● ASSIGNED TASK: With pictures left out, set down every record word for word.

(SUPPLIED MATERIAL Opens)

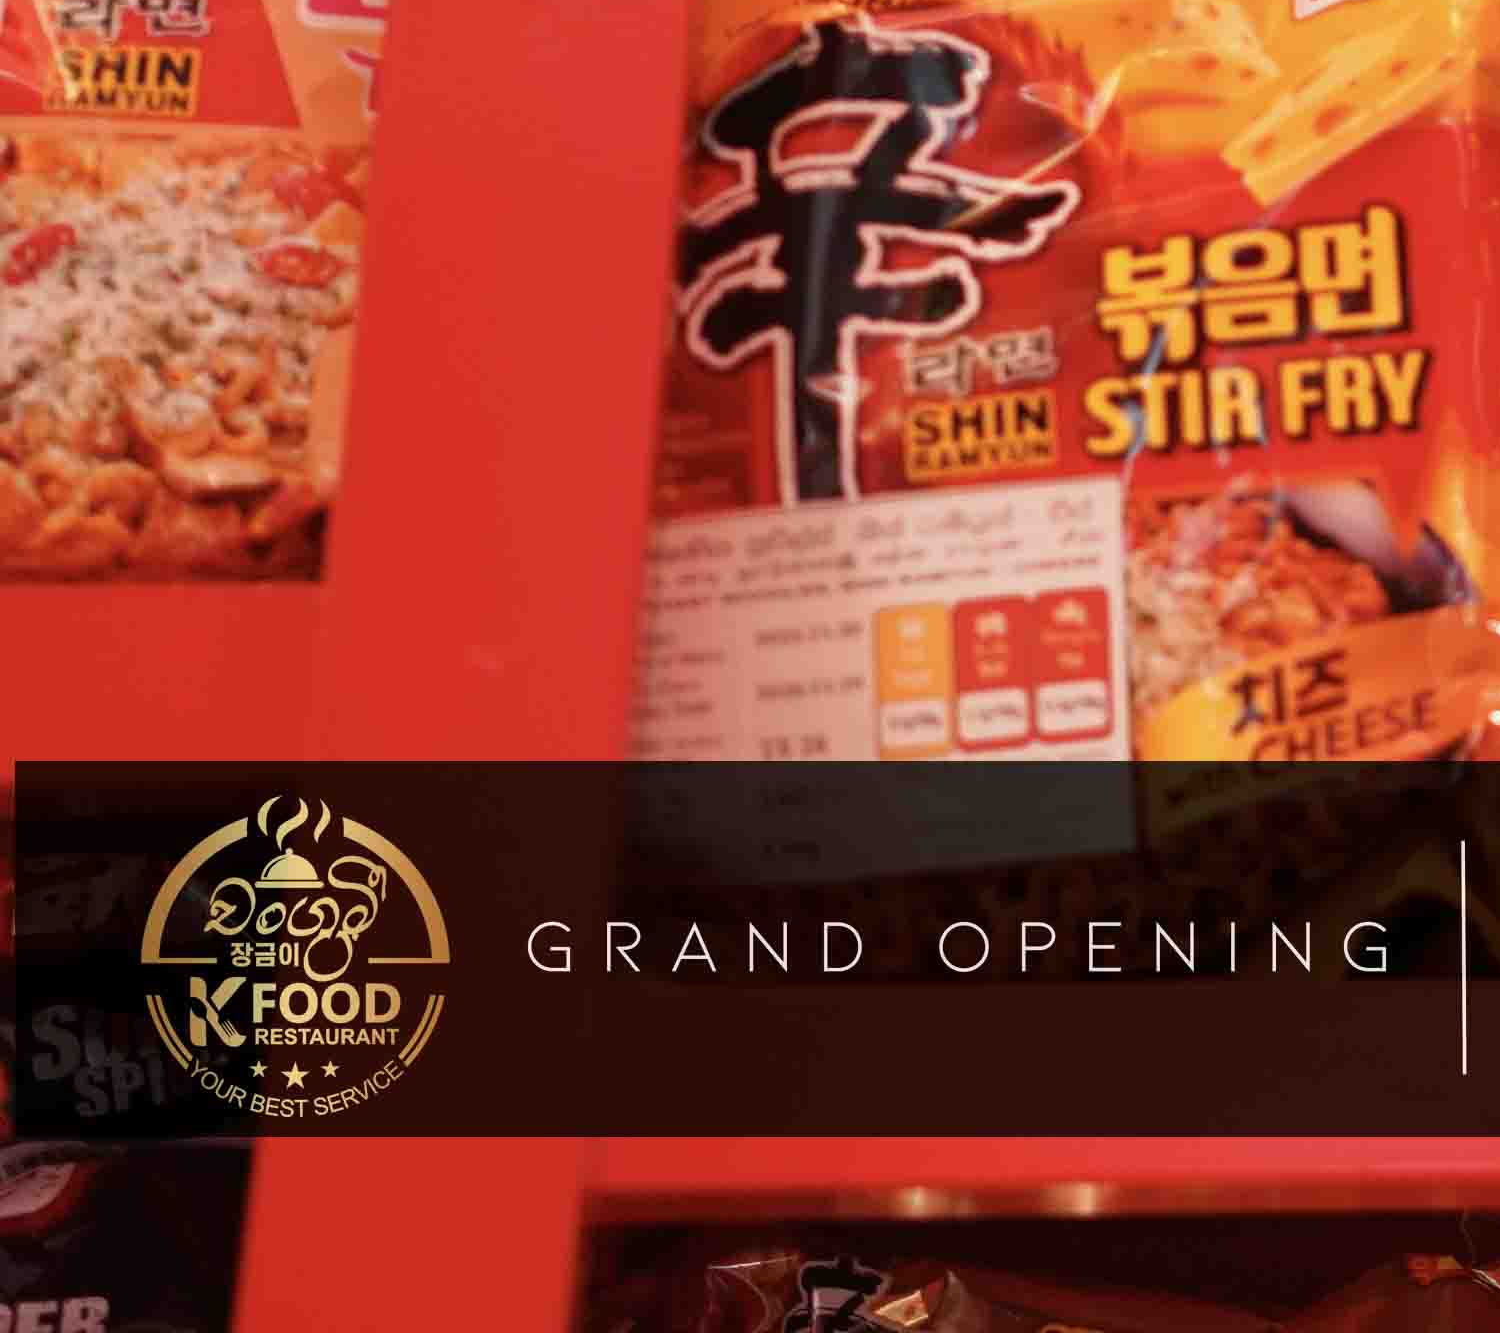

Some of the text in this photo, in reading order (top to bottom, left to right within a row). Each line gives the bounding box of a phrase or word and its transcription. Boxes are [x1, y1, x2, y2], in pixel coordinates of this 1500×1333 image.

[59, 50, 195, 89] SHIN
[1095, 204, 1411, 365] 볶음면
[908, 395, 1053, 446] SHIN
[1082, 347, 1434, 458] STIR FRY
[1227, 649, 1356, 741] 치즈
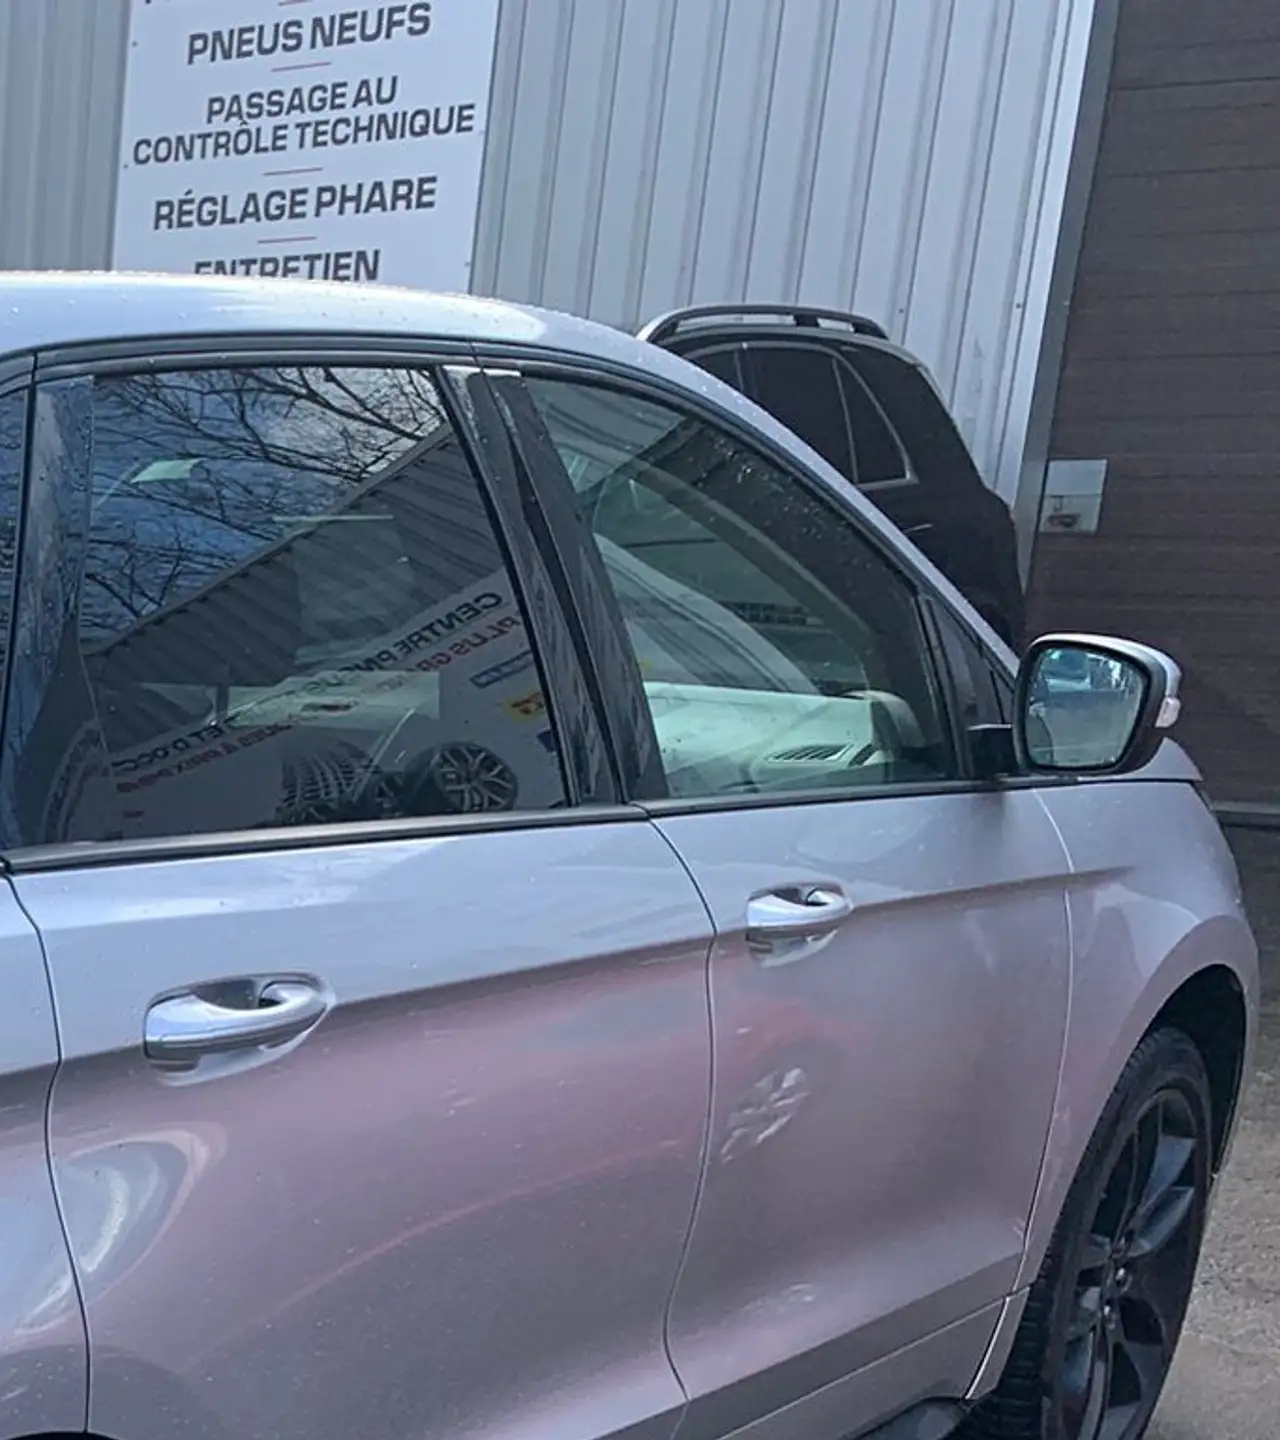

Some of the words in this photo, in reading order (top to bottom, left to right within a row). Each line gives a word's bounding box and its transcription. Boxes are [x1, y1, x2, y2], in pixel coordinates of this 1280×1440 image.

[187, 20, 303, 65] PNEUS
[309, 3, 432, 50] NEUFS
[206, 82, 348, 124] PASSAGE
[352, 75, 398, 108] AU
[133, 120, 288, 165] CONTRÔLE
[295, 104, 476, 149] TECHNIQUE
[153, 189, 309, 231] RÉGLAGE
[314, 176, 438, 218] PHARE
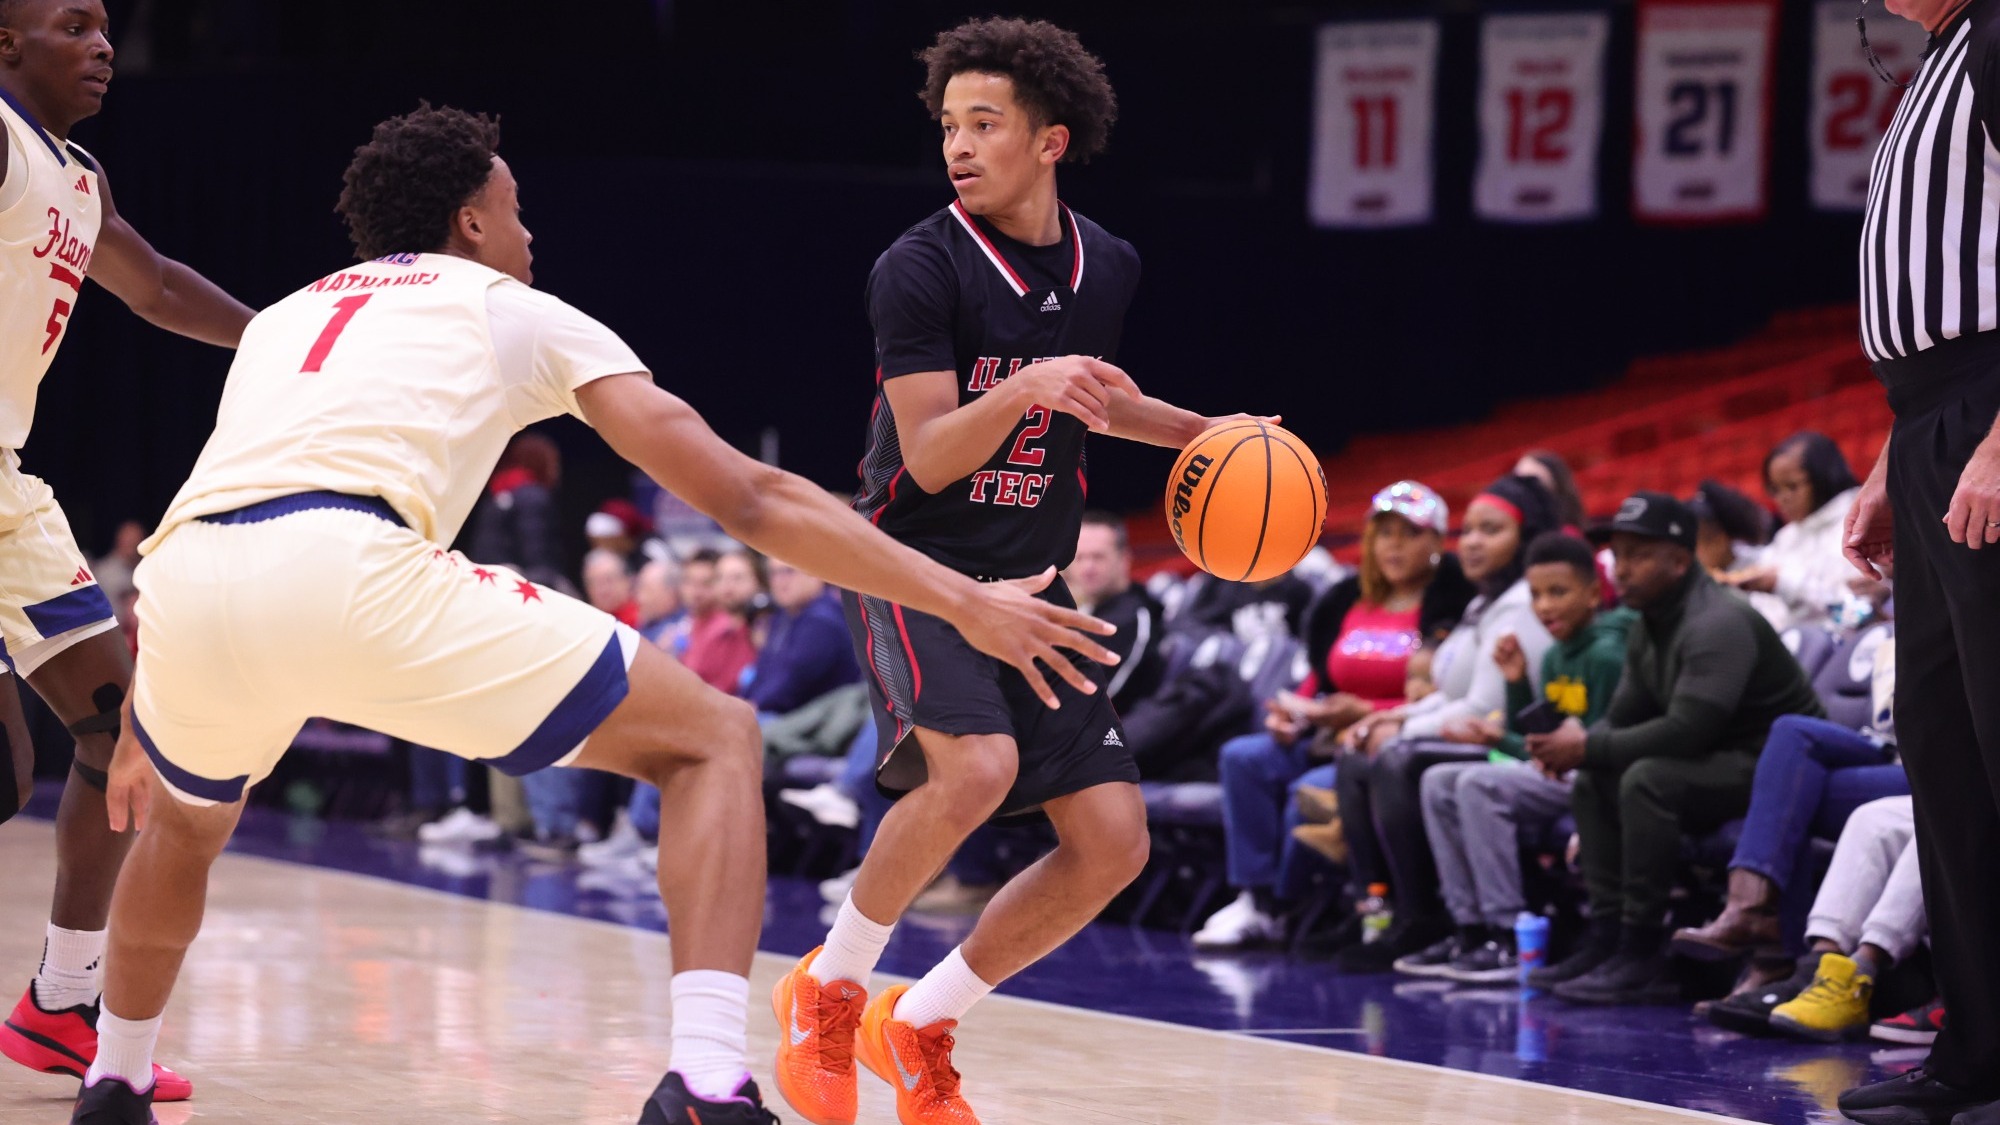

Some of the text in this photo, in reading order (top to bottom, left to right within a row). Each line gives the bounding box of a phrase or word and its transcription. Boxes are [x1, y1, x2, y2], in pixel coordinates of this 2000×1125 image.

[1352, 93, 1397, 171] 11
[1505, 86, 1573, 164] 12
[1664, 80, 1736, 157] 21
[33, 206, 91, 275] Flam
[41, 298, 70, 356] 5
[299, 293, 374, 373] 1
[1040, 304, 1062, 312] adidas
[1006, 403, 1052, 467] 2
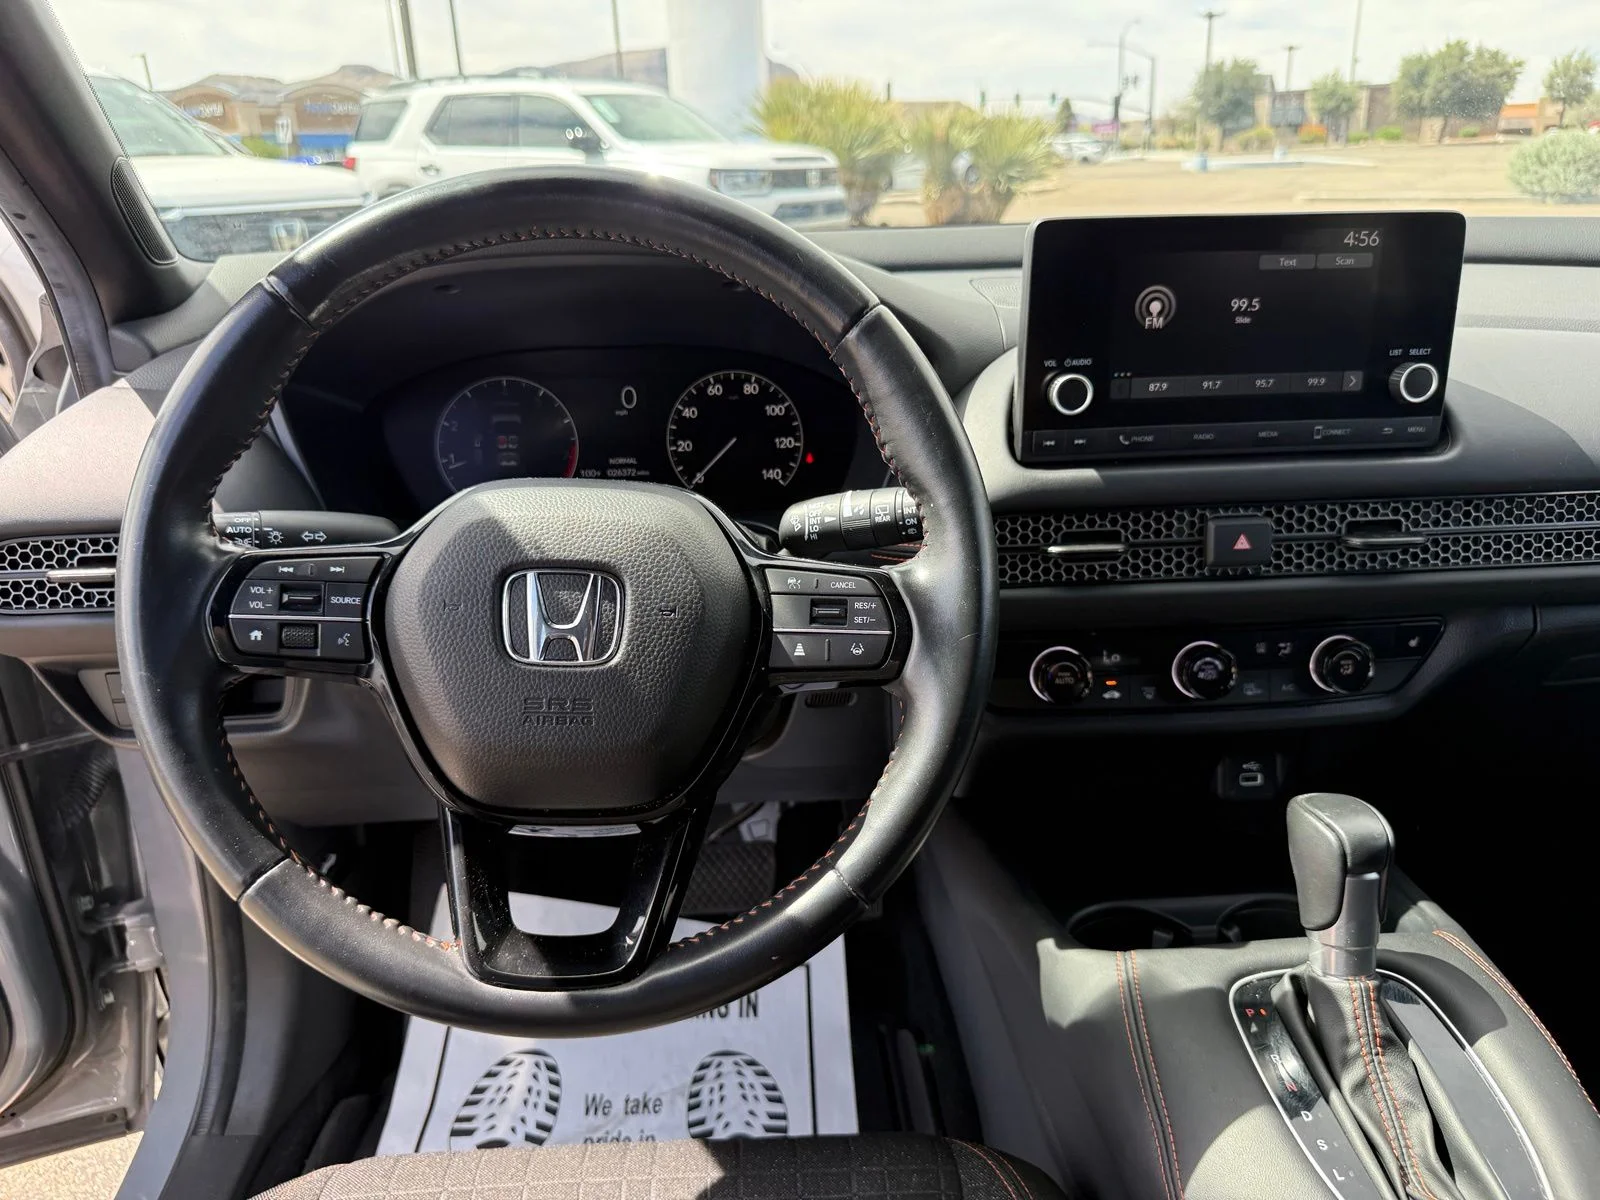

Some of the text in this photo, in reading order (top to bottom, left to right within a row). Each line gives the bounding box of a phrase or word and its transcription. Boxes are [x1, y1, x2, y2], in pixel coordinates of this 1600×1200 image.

(SUPPLIED MATERIAL Closes)

● ANSWER SECTION:
Some of the text in this photo, in reading order (top to bottom, left to right within a row). Each line gives the bounding box of a phrase or word and its transcription. Boxes are [x1, y1, x2, y2], in pixel coordinates of this 1500×1333 image.

[59, 50, 195, 89] SHIN
[1095, 204, 1411, 365] 볶음면
[908, 395, 1053, 446] SHIN
[1082, 347, 1434, 458] STIR FRY
[1227, 649, 1356, 741] 치즈

Some of the words in this photo, in reading order (top to bottom, left to right within a row). Each line gives a word's bounding box and its transcription. Boxes are [x1, y1, x2, y2], in pixel coordinates of this 1280×1440 image.

[187, 20, 303, 65] PNEUS
[309, 3, 432, 50] NEUFS
[206, 82, 348, 124] PASSAGE
[352, 75, 398, 108] AU
[133, 120, 288, 165] CONTRÔLE
[295, 104, 476, 149] TECHNIQUE
[153, 189, 309, 231] RÉGLAGE
[314, 176, 438, 218] PHARE

Some of the text in this photo, in reading order (top to bottom, left to right within a row). Each line gives the bounding box of a phrase or word and its transcription. Boxes are [x1, y1, x2, y2], in pixel coordinates of this 2000×1125 image.

[1352, 93, 1397, 171] 11
[1505, 86, 1573, 164] 12
[1664, 80, 1736, 157] 21
[33, 206, 91, 275] Flam
[41, 298, 70, 356] 5
[299, 293, 374, 373] 1
[1040, 304, 1062, 312] adidas
[1006, 403, 1052, 467] 2

Some of the text in this photo, in reading order (top to bottom, left to right within a row). Each line gives the bounding box of a phrase or word and its transcription. Boxes are [x1, y1, x2, y2], in pixel coordinates of this 1600×1200 image.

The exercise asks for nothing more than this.